JIMMY THE GENT left me dazed and more than a little confused. Director Michael Curtiz packs more plot into the film's 67 minute running time than I could keep up with. Breakneck hardly begins to describe the pace at which this story moves.
As best as I could understand it, James Cagney is a geneologist (yes, a geneologist!) who earns his living by "finding" the heirs to industrialists, playboys and other assorted super-rich who've died without leaving a will. His main rival is the upright and erudite Charles Wallingham (Alan Dinehart) who also tracks down surviving relatives, but does it the honest way.
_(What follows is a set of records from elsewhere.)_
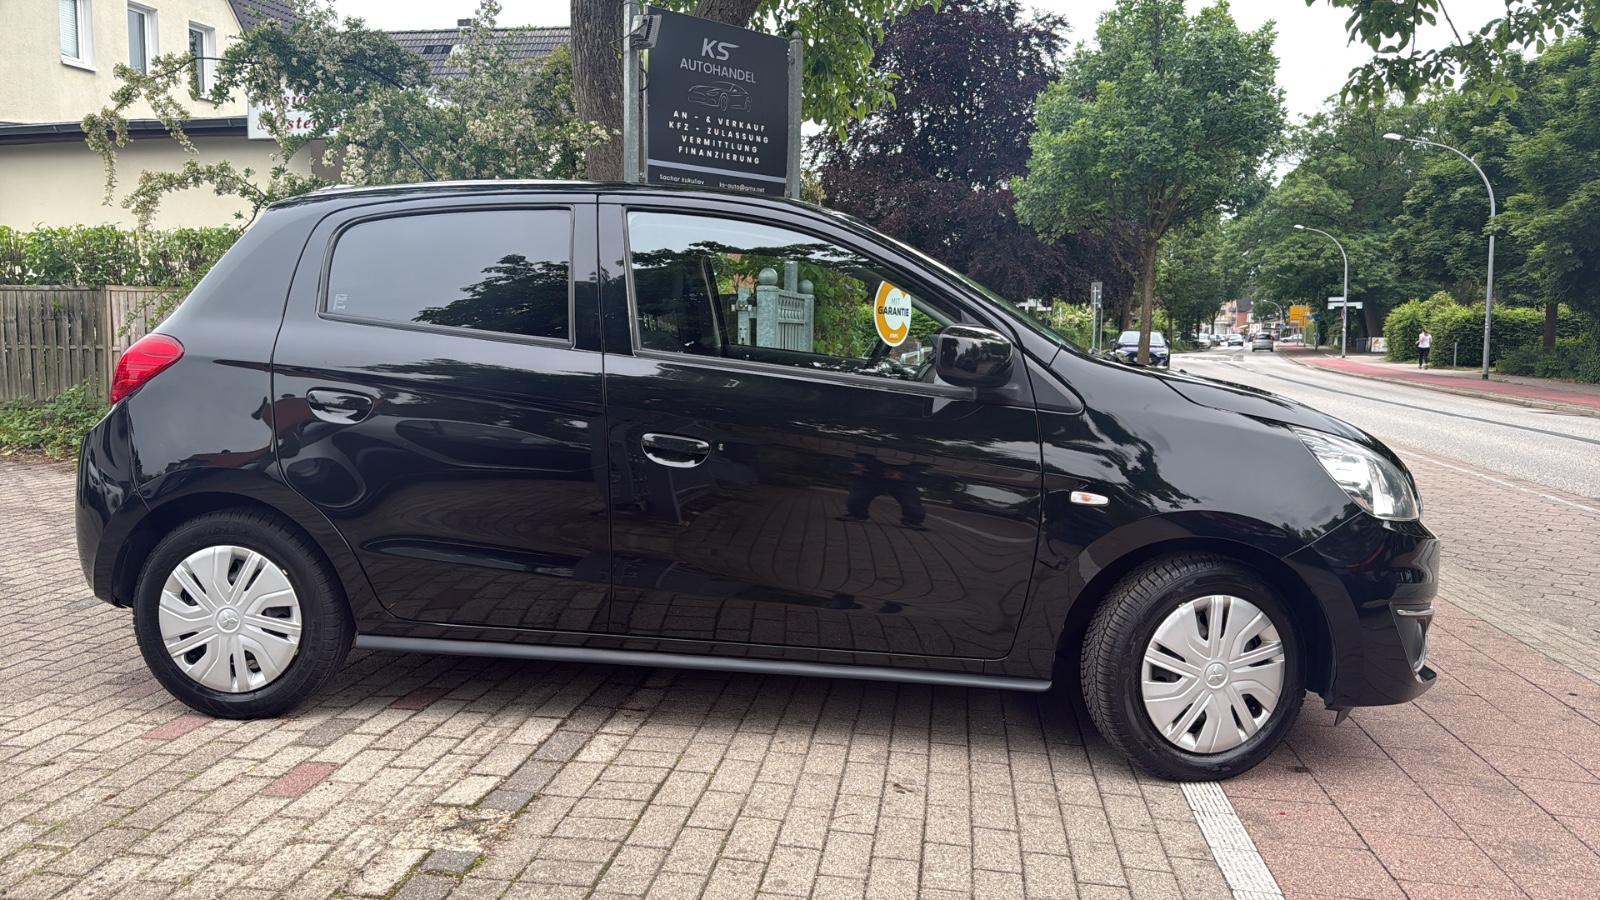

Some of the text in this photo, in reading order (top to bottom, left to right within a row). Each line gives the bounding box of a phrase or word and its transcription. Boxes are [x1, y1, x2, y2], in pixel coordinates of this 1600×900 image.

[701, 38, 741, 61] KS
[680, 57, 757, 84] AUTOHANDEL
[673, 110, 688, 119] AN
[718, 118, 765, 131] VERKAUF
[668, 121, 689, 131] KFZ
[706, 127, 769, 144] ZULASSUNG
[681, 135, 758, 153] VERMITTLUNG
[678, 146, 760, 165] FINANZIERUNG
[878, 306, 909, 316] GARANTIE
His second in command is Joan Martin, played by Bette Davis, who used to work for Cagney and still has a secret crush on him although she'll slap your face and call you a liar if you're to suggest such a thing.
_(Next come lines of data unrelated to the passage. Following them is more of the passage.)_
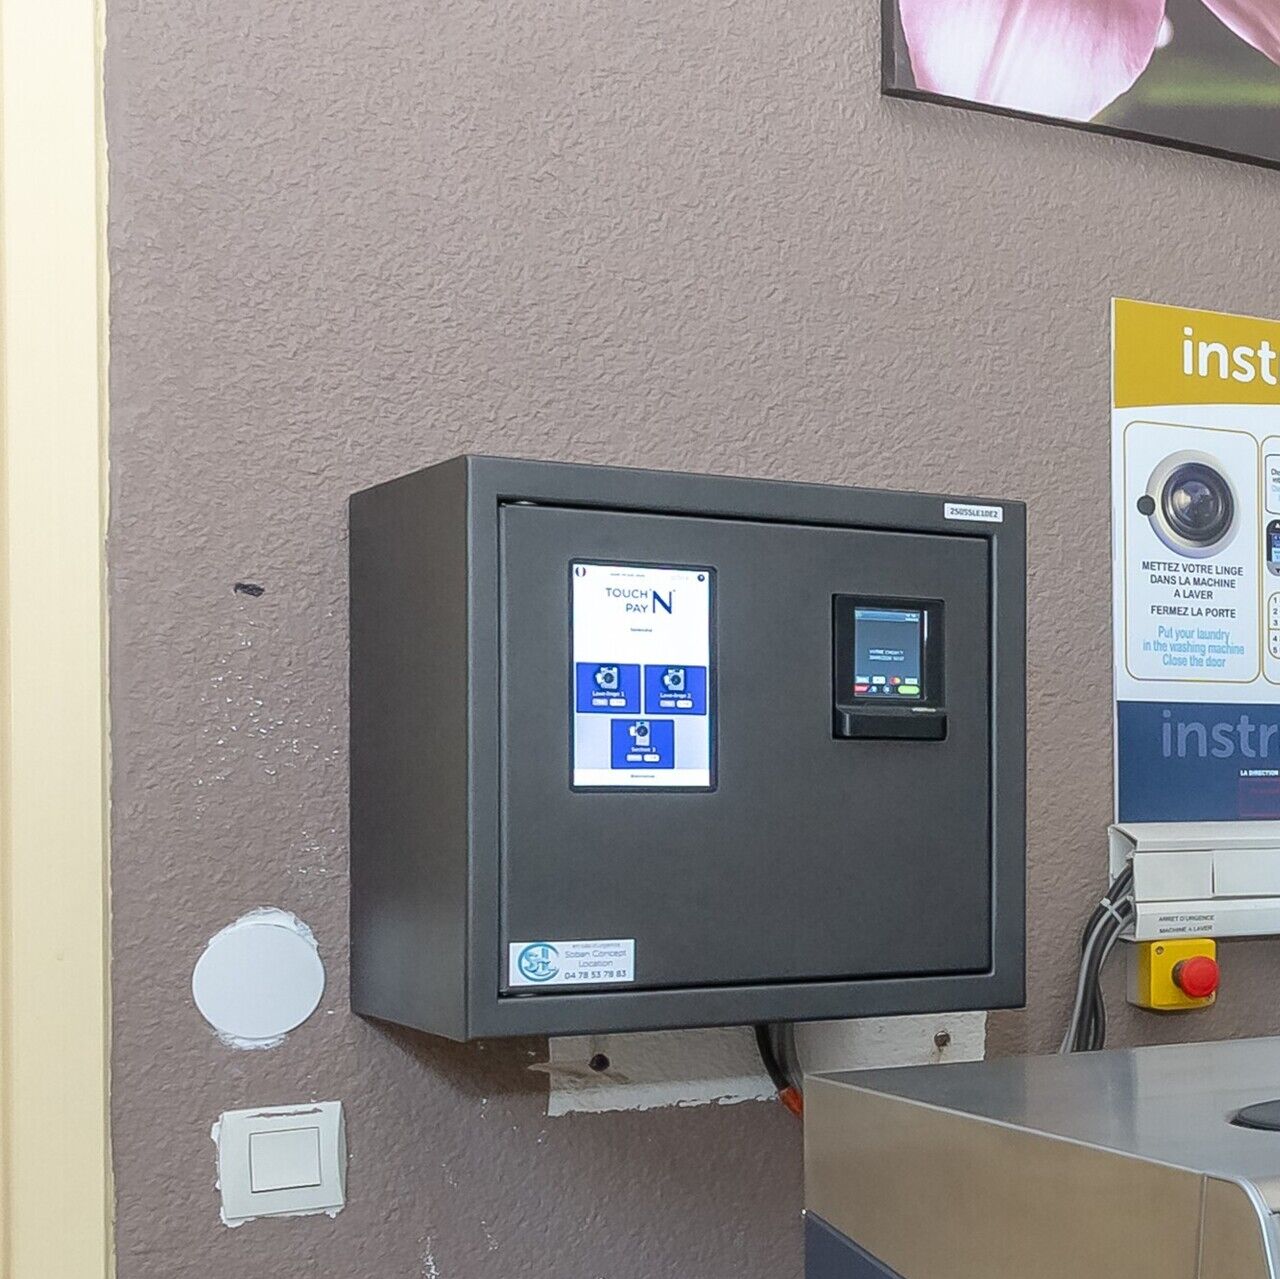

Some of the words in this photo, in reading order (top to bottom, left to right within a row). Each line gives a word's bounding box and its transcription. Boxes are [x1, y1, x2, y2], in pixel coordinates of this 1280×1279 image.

[1142, 561, 1180, 572] METTEZ
[1182, 564, 1213, 574] VOTRE
[1216, 566, 1244, 576] LINGE
[1150, 575, 1177, 585] DANS
[1179, 576, 1191, 586] LA
[1193, 578, 1236, 588] MACHINE
[606, 588, 648, 599] TOUCH
[1174, 589, 1181, 598] A
[1183, 590, 1213, 599] LAVER
[626, 603, 648, 613] PAY
[1151, 605, 1189, 616] FERMEZ
[1191, 608, 1203, 617] LA
[1206, 608, 1236, 618] PORTE
[1158, 626, 1173, 638] Put
[1176, 630, 1195, 641] your
[1198, 628, 1231, 644] laundry
[1143, 640, 1152, 651] in
[1154, 640, 1168, 652] the
[1170, 641, 1206, 656] washing
[1208, 644, 1245, 655] machine
[1163, 654, 1188, 666] Close
[1190, 655, 1204, 667] the
[1206, 656, 1226, 667] door
Now I know that genealogist is not the first occupation that comes to mind when thinking of James Cagney but the good news is that the profession has been adapted to fit his screen persona, rather than the other way around. Cagney plays the part just like he would a newspaper journalist, bookmaker, Broadway show producer, or gangster. Genealogy is just another racket and Cagney makes no concessions to the part in his acting. If anything he's more manic than usual, bellowing away at his employees, conjuring up at least a hundred different angles to every situation, and stomping around with that stiff-legged strut so beloved by impersonators every since. The whole performance is topped off by a truly bizarre haircut more at home on the head of a World War One-era Prussian officer.
Davis by contrast had yet to make the jump from Warner Bros A-list contract player to bona fide film star replete with her own collection of highly imitatable mannerisms. Here, in the third of six films she was to make for the studio in 1934, she's a heavily made-up peroxide blonde in a part that could just as easily have been played by Joan Blondell or Ginger Rogers.
JIMMY THE GENT is by no means a classic, but it is a fine example of the kind of product that rolled off the Warner Brothers production line at the rate of almost one a week during the period when Hollywood fully lived up to both words in the descriptor "dream factory."